-- Work instructions --
When every entry has been read, print each one back exactly.

BEGIN Listed entries

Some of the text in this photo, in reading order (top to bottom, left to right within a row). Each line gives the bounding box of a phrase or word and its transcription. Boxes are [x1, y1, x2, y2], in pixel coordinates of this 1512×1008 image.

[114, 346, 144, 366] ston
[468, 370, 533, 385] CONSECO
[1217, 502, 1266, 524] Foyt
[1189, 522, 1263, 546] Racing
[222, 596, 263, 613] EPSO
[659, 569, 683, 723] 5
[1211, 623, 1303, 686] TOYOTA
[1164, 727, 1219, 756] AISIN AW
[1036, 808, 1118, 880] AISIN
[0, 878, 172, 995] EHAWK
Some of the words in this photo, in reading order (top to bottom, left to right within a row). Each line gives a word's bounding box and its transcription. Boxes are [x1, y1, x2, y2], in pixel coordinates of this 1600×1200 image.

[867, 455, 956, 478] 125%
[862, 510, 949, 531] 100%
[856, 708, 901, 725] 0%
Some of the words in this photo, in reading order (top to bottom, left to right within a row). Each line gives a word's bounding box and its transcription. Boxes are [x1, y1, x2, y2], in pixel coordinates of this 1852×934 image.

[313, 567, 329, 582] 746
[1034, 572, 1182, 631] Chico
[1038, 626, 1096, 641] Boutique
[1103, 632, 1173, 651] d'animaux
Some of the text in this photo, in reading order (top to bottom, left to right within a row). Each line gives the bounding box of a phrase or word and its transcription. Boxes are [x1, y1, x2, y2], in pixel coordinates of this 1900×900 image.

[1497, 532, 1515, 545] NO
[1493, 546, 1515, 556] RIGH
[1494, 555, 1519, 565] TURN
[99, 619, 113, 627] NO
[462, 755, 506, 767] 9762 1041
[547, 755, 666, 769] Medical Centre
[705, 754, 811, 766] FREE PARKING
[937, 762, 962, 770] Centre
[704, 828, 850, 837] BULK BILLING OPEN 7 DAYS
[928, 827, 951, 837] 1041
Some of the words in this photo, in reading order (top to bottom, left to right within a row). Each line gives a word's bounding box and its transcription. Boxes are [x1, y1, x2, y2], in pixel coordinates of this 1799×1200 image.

END Listed entries

-- Result --
Some of the text in this photo, in reading order (top to bottom, left to right within a row). Each line gives the bounding box of a phrase or word and its transcription. Boxes are [x1, y1, x2, y2], in pixel coordinates of this 1512×1008 image.

[114, 346, 144, 366] ston
[468, 370, 533, 385] CONSECO
[1217, 502, 1266, 524] Foyt
[1189, 522, 1263, 546] Racing
[222, 596, 263, 613] EPSO
[659, 569, 683, 723] 5
[1211, 623, 1303, 686] TOYOTA
[1164, 727, 1219, 756] AISIN AW
[1036, 808, 1118, 880] AISIN
[0, 878, 172, 995] EHAWK
Some of the words in this photo, in reading order (top to bottom, left to right within a row). Each line gives a word's bounding box and its transcription. Boxes are [x1, y1, x2, y2], in pixel coordinates of this 1600×1200 image.

[867, 455, 956, 478] 125%
[862, 510, 949, 531] 100%
[856, 708, 901, 725] 0%
Some of the words in this photo, in reading order (top to bottom, left to right within a row). Each line gives a word's bounding box and its transcription. Boxes are [x1, y1, x2, y2], in pixel coordinates of this 1852×934 image.

[313, 567, 329, 582] 746
[1034, 572, 1182, 631] Chico
[1038, 626, 1096, 641] Boutique
[1103, 632, 1173, 651] d'animaux
Some of the text in this photo, in reading order (top to bottom, left to right within a row). Each line gives the bounding box of a phrase or word and its transcription. Boxes are [x1, y1, x2, y2], in pixel coordinates of this 1900×900 image.

[1497, 532, 1515, 545] NO
[1493, 546, 1515, 556] RIGH
[1494, 555, 1519, 565] TURN
[99, 619, 113, 627] NO
[462, 755, 506, 767] 9762 1041
[547, 755, 666, 769] Medical Centre
[705, 754, 811, 766] FREE PARKING
[937, 762, 962, 770] Centre
[704, 828, 850, 837] BULK BILLING OPEN 7 DAYS
[928, 827, 951, 837] 1041
Some of the words in this photo, in reading order (top to bottom, left to right within a row). Each line gives a word's bounding box and its transcription. Boxes are [x1, y1, x2, y2], in pixel coordinates of this 1799×1200 image.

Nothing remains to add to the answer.